[[ Input data open ]]

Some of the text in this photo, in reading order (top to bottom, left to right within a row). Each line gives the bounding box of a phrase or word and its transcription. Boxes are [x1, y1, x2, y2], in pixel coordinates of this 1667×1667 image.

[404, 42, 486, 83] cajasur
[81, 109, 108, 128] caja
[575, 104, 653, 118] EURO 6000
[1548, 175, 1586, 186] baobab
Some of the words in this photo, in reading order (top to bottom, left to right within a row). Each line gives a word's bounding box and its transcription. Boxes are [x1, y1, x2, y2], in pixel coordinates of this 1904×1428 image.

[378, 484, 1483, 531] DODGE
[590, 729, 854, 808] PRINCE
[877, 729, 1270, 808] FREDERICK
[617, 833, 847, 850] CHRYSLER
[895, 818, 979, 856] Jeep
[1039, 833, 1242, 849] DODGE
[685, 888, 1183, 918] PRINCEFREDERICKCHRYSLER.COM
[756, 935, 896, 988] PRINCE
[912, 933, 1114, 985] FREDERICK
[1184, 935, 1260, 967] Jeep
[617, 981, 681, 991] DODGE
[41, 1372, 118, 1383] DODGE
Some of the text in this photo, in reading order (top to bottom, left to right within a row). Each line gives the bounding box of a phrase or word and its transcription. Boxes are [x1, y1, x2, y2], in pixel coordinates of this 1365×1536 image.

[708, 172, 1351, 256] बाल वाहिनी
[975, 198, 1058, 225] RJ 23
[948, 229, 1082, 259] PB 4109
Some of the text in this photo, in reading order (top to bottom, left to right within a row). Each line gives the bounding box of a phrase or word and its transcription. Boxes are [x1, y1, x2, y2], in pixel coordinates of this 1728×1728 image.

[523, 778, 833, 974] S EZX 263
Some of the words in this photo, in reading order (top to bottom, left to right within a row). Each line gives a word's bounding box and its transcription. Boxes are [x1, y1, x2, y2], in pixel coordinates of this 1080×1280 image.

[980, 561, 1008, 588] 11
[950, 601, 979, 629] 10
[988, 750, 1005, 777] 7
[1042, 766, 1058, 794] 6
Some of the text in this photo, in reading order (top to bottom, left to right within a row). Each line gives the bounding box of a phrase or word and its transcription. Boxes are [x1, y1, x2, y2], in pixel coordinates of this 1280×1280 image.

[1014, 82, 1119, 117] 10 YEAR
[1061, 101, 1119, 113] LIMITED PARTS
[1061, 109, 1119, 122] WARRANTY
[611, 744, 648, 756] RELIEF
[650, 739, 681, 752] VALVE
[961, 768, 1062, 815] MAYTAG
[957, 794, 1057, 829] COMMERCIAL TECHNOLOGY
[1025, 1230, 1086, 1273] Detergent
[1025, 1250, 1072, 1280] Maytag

[[ Input data closed ]]

→ **Your instructions**
Type out the records again exactly, line for line.

→ **Exercise solution**
Some of the text in this photo, in reading order (top to bottom, left to right within a row). Each line gives the bounding box of a phrase or word and its transcription. Boxes are [x1, y1, x2, y2], in pixel coordinates of this 1667×1667 image.

[404, 42, 486, 83] cajasur
[81, 109, 108, 128] caja
[575, 104, 653, 118] EURO 6000
[1548, 175, 1586, 186] baobab
Some of the words in this photo, in reading order (top to bottom, left to right within a row). Each line gives a word's bounding box and its transcription. Boxes are [x1, y1, x2, y2], in pixel coordinates of this 1904×1428 image.

[378, 484, 1483, 531] DODGE
[590, 729, 854, 808] PRINCE
[877, 729, 1270, 808] FREDERICK
[617, 833, 847, 850] CHRYSLER
[895, 818, 979, 856] Jeep
[1039, 833, 1242, 849] DODGE
[685, 888, 1183, 918] PRINCEFREDERICKCHRYSLER.COM
[756, 935, 896, 988] PRINCE
[912, 933, 1114, 985] FREDERICK
[1184, 935, 1260, 967] Jeep
[617, 981, 681, 991] DODGE
[41, 1372, 118, 1383] DODGE
Some of the text in this photo, in reading order (top to bottom, left to right within a row). Each line gives the bounding box of a phrase or word and its transcription. Boxes are [x1, y1, x2, y2], in pixel coordinates of this 1365×1536 image.

[708, 172, 1351, 256] बाल वाहिनी
[975, 198, 1058, 225] RJ 23
[948, 229, 1082, 259] PB 4109
Some of the text in this photo, in reading order (top to bottom, left to right within a row). Each line gives the bounding box of a phrase or word and its transcription. Boxes are [x1, y1, x2, y2], in pixel coordinates of this 1728×1728 image.

[523, 778, 833, 974] S EZX 263
Some of the words in this photo, in reading order (top to bottom, left to right within a row). Each line gives a word's bounding box and its transcription. Boxes are [x1, y1, x2, y2], in pixel coordinates of this 1080×1280 image.

[980, 561, 1008, 588] 11
[950, 601, 979, 629] 10
[988, 750, 1005, 777] 7
[1042, 766, 1058, 794] 6
Some of the text in this photo, in reading order (top to bottom, left to right within a row). Each line gives the bounding box of a phrase or word and its transcription. Boxes are [x1, y1, x2, y2], in pixel coordinates of this 1280×1280 image.

[1014, 82, 1119, 117] 10 YEAR
[1061, 101, 1119, 113] LIMITED PARTS
[1061, 109, 1119, 122] WARRANTY
[611, 744, 648, 756] RELIEF
[650, 739, 681, 752] VALVE
[961, 768, 1062, 815] MAYTAG
[957, 794, 1057, 829] COMMERCIAL TECHNOLOGY
[1025, 1230, 1086, 1273] Detergent
[1025, 1250, 1072, 1280] Maytag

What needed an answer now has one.